11th ISE 2016, Melbourne, Australia
EFFECT OF TEMPERATURE CHANGE DUE TO THE HYDROPEAKING ON
THE PHYSICAL HABITAT
Byungwoong Choi
Department of Civil & Environmental Engineering, Yonsei University,
e-mail:bw628@yonsei.ac.kr, Korea
Sung-Uk Choi
Department of Civil & Environmental Engineering, Yonsei University,
e-mail: schoi@yonsei.ac.kr, Korea
ABSTRACT
Since the upstream dam releases water only during the period of hydropower generation, the discharge in
the downstream reach tends to show fluctuations in a daily scale. The effect of short-term fluctuations of
water discharge or hydropeaking on the downstream fish habitat has been studied intensively. Most of
them used physical habitat simulations with habitat variables such as flow depth, velocity, and substrate.
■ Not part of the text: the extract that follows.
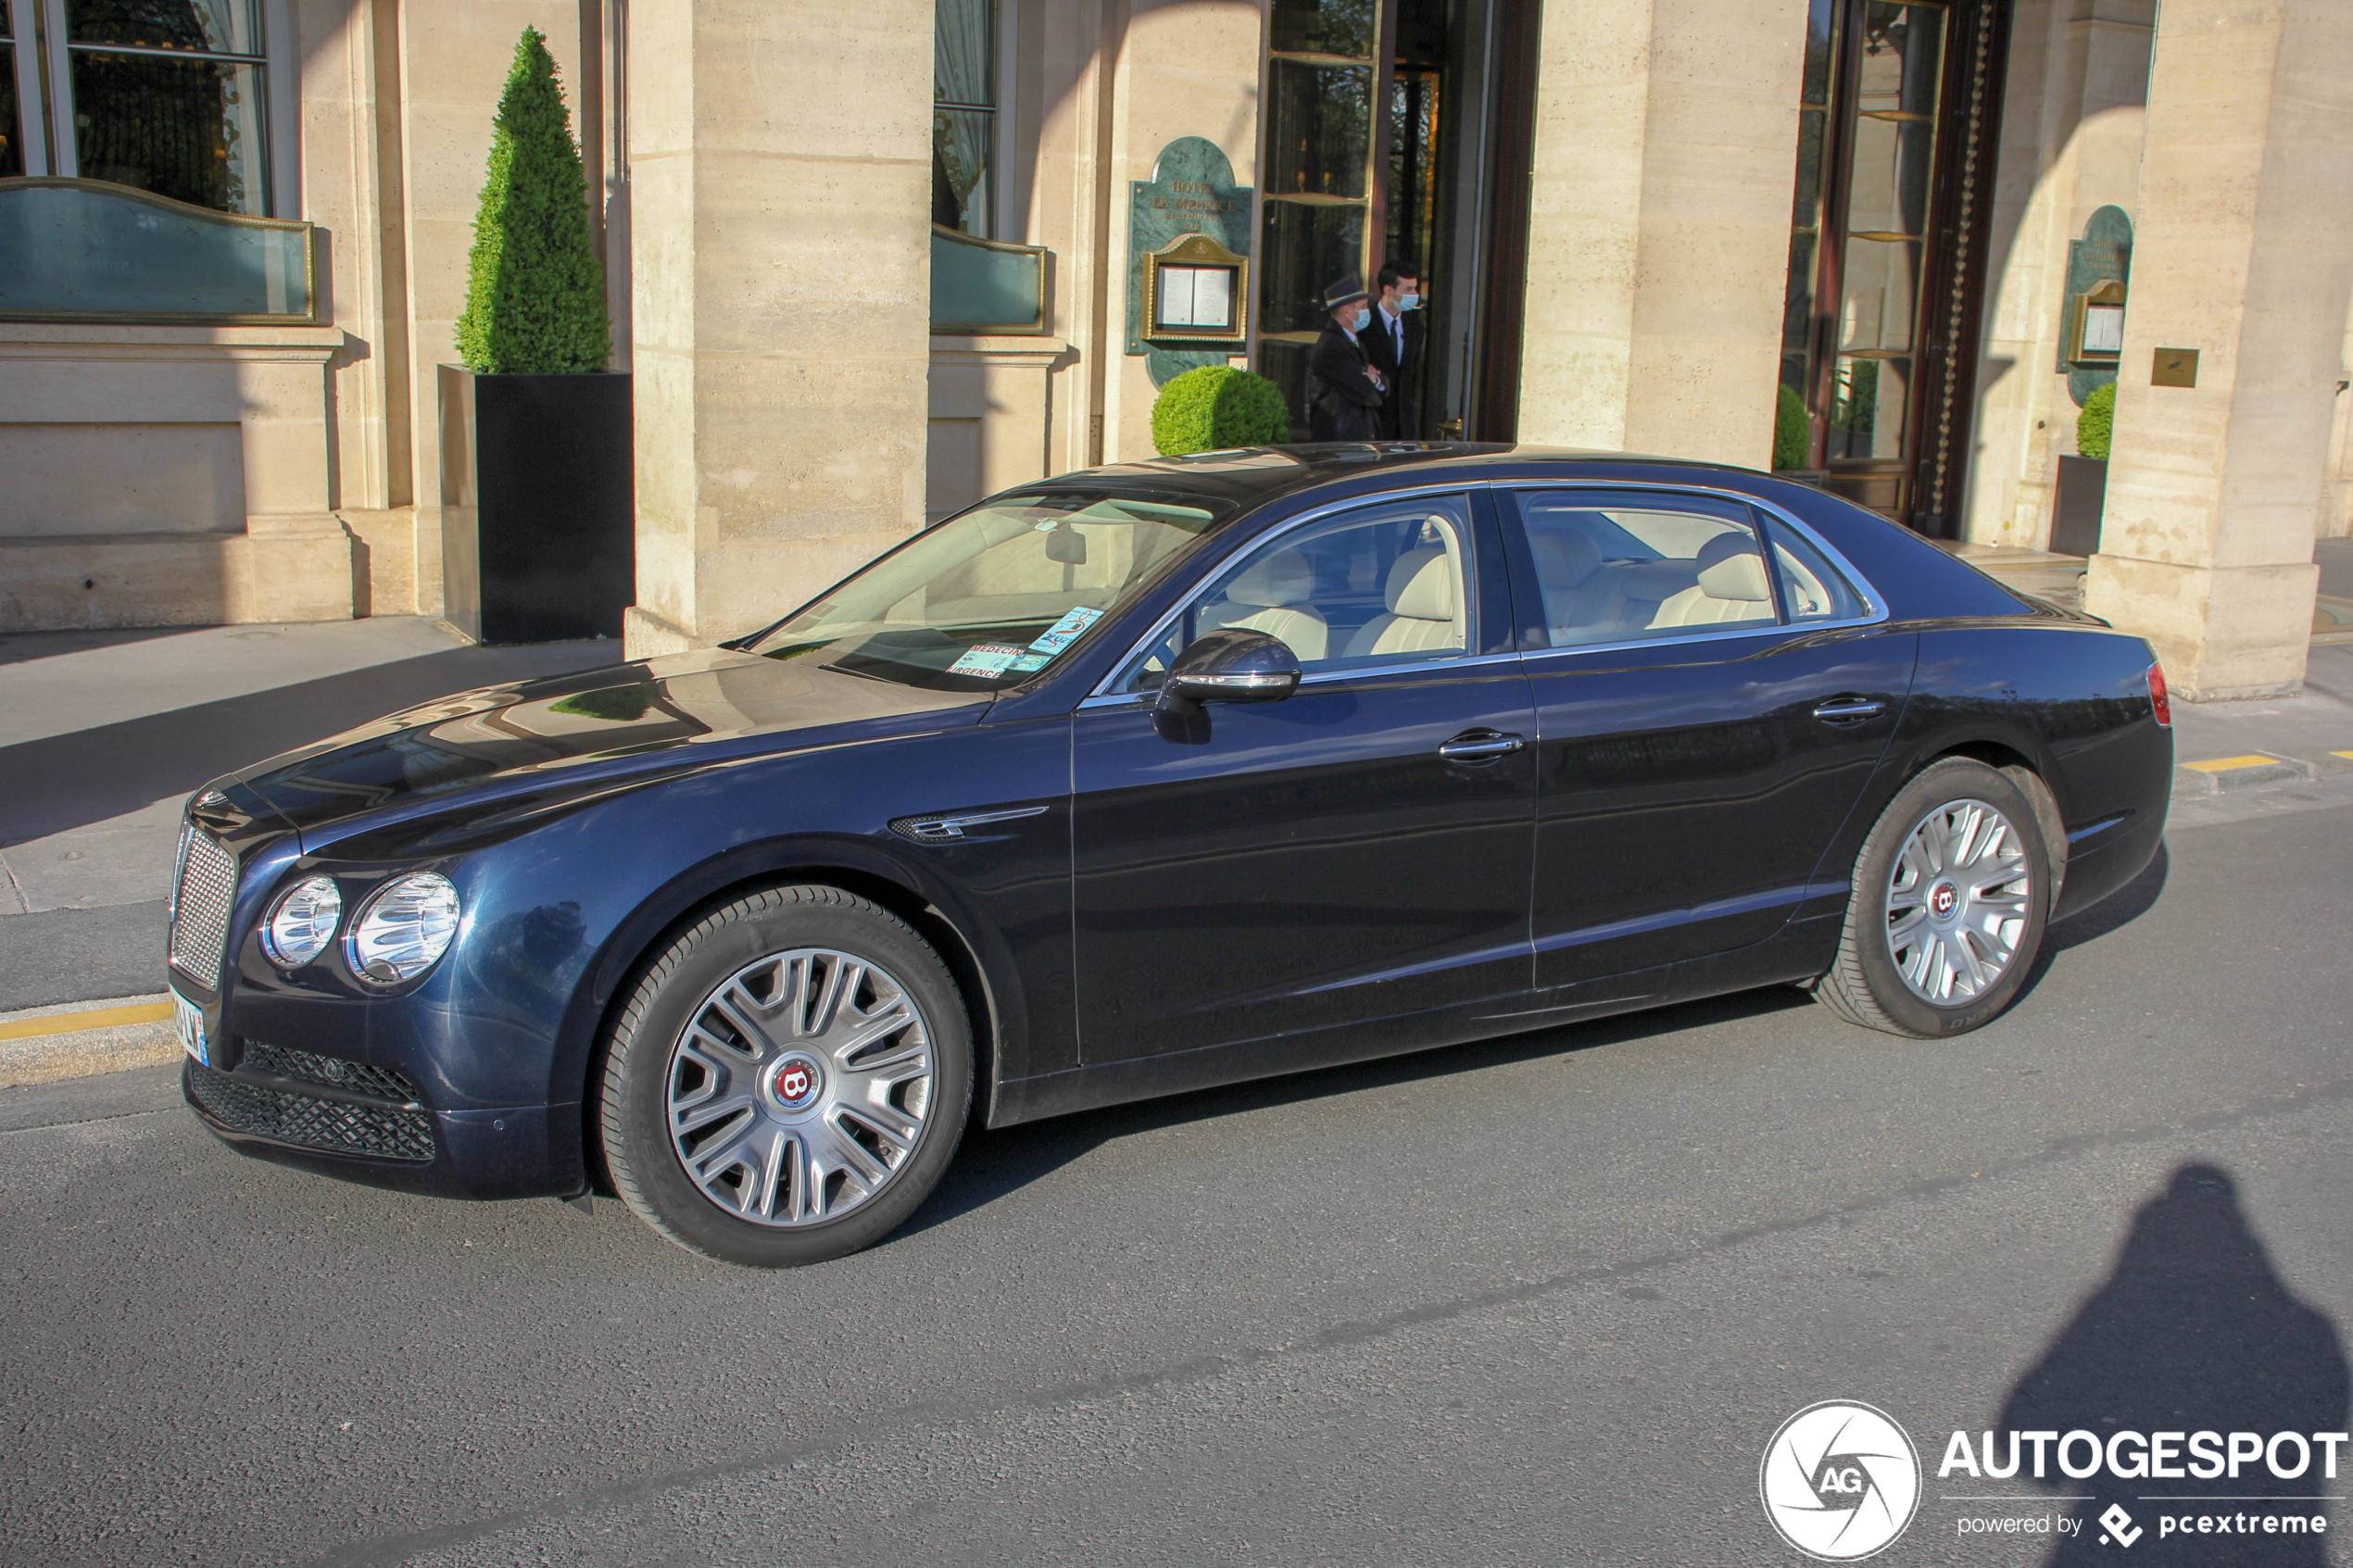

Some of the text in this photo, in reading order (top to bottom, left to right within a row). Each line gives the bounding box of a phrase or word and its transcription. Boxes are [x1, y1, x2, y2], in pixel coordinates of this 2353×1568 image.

However, in the assessment of such impact, the role of the water temperature should not be over-sighted.
That is, the temperature of water released from the upstream reservoir is likely to be lower in the summer
than that of the water in the downstream reach, and vice versa in the winter. The present study assessed
the impact of hydropeaking on the downstream fish habitat using the physical habitat simulations with
including the water temperature as a habitat variable. The study area is a 2.3 km long reach of the Dal
River in Korea, located downstream from the Goesan Dam. Pale chub (Zacco platypus) was selected as
the target species and a seven days period in summer was considered for the physical habitat simulations.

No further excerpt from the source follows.